→ **Action item**:
All of the data that follows should be written out exactly.

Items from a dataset
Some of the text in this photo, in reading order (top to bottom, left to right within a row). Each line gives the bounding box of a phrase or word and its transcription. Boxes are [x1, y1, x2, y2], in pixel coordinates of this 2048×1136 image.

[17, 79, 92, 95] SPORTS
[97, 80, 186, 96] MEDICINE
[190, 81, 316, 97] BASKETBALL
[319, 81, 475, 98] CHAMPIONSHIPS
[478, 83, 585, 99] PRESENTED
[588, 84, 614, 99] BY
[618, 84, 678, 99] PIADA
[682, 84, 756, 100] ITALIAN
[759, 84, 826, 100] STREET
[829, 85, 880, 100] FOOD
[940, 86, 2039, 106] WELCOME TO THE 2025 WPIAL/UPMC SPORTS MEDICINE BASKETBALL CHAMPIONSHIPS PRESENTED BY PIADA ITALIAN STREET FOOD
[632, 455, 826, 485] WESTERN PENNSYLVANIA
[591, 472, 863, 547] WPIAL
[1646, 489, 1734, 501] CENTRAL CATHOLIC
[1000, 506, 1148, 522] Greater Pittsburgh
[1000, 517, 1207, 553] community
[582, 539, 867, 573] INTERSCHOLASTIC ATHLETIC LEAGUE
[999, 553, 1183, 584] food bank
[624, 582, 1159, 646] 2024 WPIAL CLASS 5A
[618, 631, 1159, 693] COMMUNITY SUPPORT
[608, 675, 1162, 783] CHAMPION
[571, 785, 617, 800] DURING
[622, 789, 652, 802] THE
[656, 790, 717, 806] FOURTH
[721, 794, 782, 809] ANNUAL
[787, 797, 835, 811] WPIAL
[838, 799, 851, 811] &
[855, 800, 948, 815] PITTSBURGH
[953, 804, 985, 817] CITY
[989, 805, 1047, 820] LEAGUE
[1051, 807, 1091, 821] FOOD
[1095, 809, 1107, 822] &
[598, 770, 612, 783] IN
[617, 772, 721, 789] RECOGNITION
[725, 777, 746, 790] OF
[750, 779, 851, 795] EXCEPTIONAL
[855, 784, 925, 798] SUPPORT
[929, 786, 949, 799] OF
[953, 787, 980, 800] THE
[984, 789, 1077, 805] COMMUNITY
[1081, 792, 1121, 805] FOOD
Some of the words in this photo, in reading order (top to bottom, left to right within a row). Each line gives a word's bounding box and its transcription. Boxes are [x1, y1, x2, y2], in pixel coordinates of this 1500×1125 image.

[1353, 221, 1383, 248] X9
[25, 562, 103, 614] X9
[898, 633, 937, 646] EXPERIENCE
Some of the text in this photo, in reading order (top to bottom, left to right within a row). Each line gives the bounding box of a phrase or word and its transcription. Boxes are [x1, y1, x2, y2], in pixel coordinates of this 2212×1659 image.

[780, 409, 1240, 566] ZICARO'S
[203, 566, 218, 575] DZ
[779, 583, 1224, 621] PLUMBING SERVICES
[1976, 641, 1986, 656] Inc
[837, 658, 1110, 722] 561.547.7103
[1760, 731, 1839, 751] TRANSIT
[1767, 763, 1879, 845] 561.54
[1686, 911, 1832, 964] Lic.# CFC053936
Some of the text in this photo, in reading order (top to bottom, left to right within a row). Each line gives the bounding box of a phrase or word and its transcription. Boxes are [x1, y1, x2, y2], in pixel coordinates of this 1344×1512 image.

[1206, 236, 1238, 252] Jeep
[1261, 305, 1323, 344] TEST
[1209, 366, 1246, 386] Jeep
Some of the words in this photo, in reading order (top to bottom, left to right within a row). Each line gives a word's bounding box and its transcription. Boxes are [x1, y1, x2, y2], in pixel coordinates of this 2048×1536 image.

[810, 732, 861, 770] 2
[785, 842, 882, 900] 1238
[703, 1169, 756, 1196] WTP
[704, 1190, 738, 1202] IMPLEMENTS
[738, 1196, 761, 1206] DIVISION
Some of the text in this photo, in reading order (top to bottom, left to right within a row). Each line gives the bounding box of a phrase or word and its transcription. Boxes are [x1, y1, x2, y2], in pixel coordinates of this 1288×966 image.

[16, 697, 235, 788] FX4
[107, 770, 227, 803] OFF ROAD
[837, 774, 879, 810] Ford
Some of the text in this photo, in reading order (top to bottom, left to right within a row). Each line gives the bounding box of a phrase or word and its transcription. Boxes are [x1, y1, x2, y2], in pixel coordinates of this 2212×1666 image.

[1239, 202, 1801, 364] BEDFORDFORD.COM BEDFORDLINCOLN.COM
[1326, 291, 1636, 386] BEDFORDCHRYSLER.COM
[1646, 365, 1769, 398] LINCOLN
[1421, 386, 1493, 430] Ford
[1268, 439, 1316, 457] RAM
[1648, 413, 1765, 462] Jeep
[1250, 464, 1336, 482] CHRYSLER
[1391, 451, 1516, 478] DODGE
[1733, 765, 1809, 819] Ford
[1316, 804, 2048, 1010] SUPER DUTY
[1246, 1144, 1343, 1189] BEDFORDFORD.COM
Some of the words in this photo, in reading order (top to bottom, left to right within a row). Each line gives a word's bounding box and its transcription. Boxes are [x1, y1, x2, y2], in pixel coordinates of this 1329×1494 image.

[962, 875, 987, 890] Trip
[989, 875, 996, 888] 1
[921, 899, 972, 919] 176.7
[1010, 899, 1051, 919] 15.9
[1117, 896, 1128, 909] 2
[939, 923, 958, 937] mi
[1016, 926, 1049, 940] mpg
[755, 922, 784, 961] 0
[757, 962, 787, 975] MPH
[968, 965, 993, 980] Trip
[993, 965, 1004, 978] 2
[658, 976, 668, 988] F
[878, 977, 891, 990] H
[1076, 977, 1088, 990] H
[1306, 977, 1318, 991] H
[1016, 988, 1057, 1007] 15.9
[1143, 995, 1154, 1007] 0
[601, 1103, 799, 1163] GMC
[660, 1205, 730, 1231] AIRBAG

→ **Response below**:
Some of the text in this photo, in reading order (top to bottom, left to right within a row). Each line gives the bounding box of a phrase or word and its transcription. Boxes are [x1, y1, x2, y2], in pixel coordinates of this 2048×1136 image.

[17, 79, 92, 95] SPORTS
[97, 80, 186, 96] MEDICINE
[190, 81, 316, 97] BASKETBALL
[319, 81, 475, 98] CHAMPIONSHIPS
[478, 83, 585, 99] PRESENTED
[588, 84, 614, 99] BY
[618, 84, 678, 99] PIADA
[682, 84, 756, 100] ITALIAN
[759, 84, 826, 100] STREET
[829, 85, 880, 100] FOOD
[940, 86, 2039, 106] WELCOME TO THE 2025 WPIAL/UPMC SPORTS MEDICINE BASKETBALL CHAMPIONSHIPS PRESENTED BY PIADA ITALIAN STREET FOOD
[632, 455, 826, 485] WESTERN PENNSYLVANIA
[591, 472, 863, 547] WPIAL
[1646, 489, 1734, 501] CENTRAL CATHOLIC
[1000, 506, 1148, 522] Greater Pittsburgh
[1000, 517, 1207, 553] community
[582, 539, 867, 573] INTERSCHOLASTIC ATHLETIC LEAGUE
[999, 553, 1183, 584] food bank
[624, 582, 1159, 646] 2024 WPIAL CLASS 5A
[618, 631, 1159, 693] COMMUNITY SUPPORT
[608, 675, 1162, 783] CHAMPION
[571, 785, 617, 800] DURING
[622, 789, 652, 802] THE
[656, 790, 717, 806] FOURTH
[721, 794, 782, 809] ANNUAL
[787, 797, 835, 811] WPIAL
[838, 799, 851, 811] &
[855, 800, 948, 815] PITTSBURGH
[953, 804, 985, 817] CITY
[989, 805, 1047, 820] LEAGUE
[1051, 807, 1091, 821] FOOD
[1095, 809, 1107, 822] &
[598, 770, 612, 783] IN
[617, 772, 721, 789] RECOGNITION
[725, 777, 746, 790] OF
[750, 779, 851, 795] EXCEPTIONAL
[855, 784, 925, 798] SUPPORT
[929, 786, 949, 799] OF
[953, 787, 980, 800] THE
[984, 789, 1077, 805] COMMUNITY
[1081, 792, 1121, 805] FOOD
Some of the words in this photo, in reading order (top to bottom, left to right within a row). Each line gives a word's bounding box and its transcription. Boxes are [x1, y1, x2, y2], in pixel coordinates of this 1500×1125 image.

[1353, 221, 1383, 248] X9
[25, 562, 103, 614] X9
[898, 633, 937, 646] EXPERIENCE
Some of the text in this photo, in reading order (top to bottom, left to right within a row). Each line gives the bounding box of a phrase or word and its transcription. Boxes are [x1, y1, x2, y2], in pixel coordinates of this 2212×1659 image.

[780, 409, 1240, 566] ZICARO'S
[203, 566, 218, 575] DZ
[779, 583, 1224, 621] PLUMBING SERVICES
[1976, 641, 1986, 656] Inc
[837, 658, 1110, 722] 561.547.7103
[1760, 731, 1839, 751] TRANSIT
[1767, 763, 1879, 845] 561.54
[1686, 911, 1832, 964] Lic.# CFC053936
Some of the text in this photo, in reading order (top to bottom, left to right within a row). Each line gives the bounding box of a phrase or word and its transcription. Boxes are [x1, y1, x2, y2], in pixel coordinates of this 1344×1512 image.

[1206, 236, 1238, 252] Jeep
[1261, 305, 1323, 344] TEST
[1209, 366, 1246, 386] Jeep
Some of the words in this photo, in reading order (top to bottom, left to right within a row). Each line gives a word's bounding box and its transcription. Boxes are [x1, y1, x2, y2], in pixel coordinates of this 2048×1536 image.

[810, 732, 861, 770] 2
[785, 842, 882, 900] 1238
[703, 1169, 756, 1196] WTP
[704, 1190, 738, 1202] IMPLEMENTS
[738, 1196, 761, 1206] DIVISION
Some of the text in this photo, in reading order (top to bottom, left to right within a row). Each line gives the bounding box of a phrase or word and its transcription. Boxes are [x1, y1, x2, y2], in pixel coordinates of this 1288×966 image.

[16, 697, 235, 788] FX4
[107, 770, 227, 803] OFF ROAD
[837, 774, 879, 810] Ford
Some of the text in this photo, in reading order (top to bottom, left to right within a row). Each line gives the bounding box of a phrase or word and its transcription. Boxes are [x1, y1, x2, y2], in pixel coordinates of this 2212×1666 image.

[1239, 202, 1801, 364] BEDFORDFORD.COM BEDFORDLINCOLN.COM
[1326, 291, 1636, 386] BEDFORDCHRYSLER.COM
[1646, 365, 1769, 398] LINCOLN
[1421, 386, 1493, 430] Ford
[1268, 439, 1316, 457] RAM
[1648, 413, 1765, 462] Jeep
[1250, 464, 1336, 482] CHRYSLER
[1391, 451, 1516, 478] DODGE
[1733, 765, 1809, 819] Ford
[1316, 804, 2048, 1010] SUPER DUTY
[1246, 1144, 1343, 1189] BEDFORDFORD.COM
Some of the words in this photo, in reading order (top to bottom, left to right within a row). Each line gives a word's bounding box and its transcription. Boxes are [x1, y1, x2, y2], in pixel coordinates of this 1329×1494 image.

[962, 875, 987, 890] Trip
[989, 875, 996, 888] 1
[921, 899, 972, 919] 176.7
[1010, 899, 1051, 919] 15.9
[1117, 896, 1128, 909] 2
[939, 923, 958, 937] mi
[1016, 926, 1049, 940] mpg
[755, 922, 784, 961] 0
[757, 962, 787, 975] MPH
[968, 965, 993, 980] Trip
[993, 965, 1004, 978] 2
[658, 976, 668, 988] F
[878, 977, 891, 990] H
[1076, 977, 1088, 990] H
[1306, 977, 1318, 991] H
[1016, 988, 1057, 1007] 15.9
[1143, 995, 1154, 1007] 0
[601, 1103, 799, 1163] GMC
[660, 1205, 730, 1231] AIRBAG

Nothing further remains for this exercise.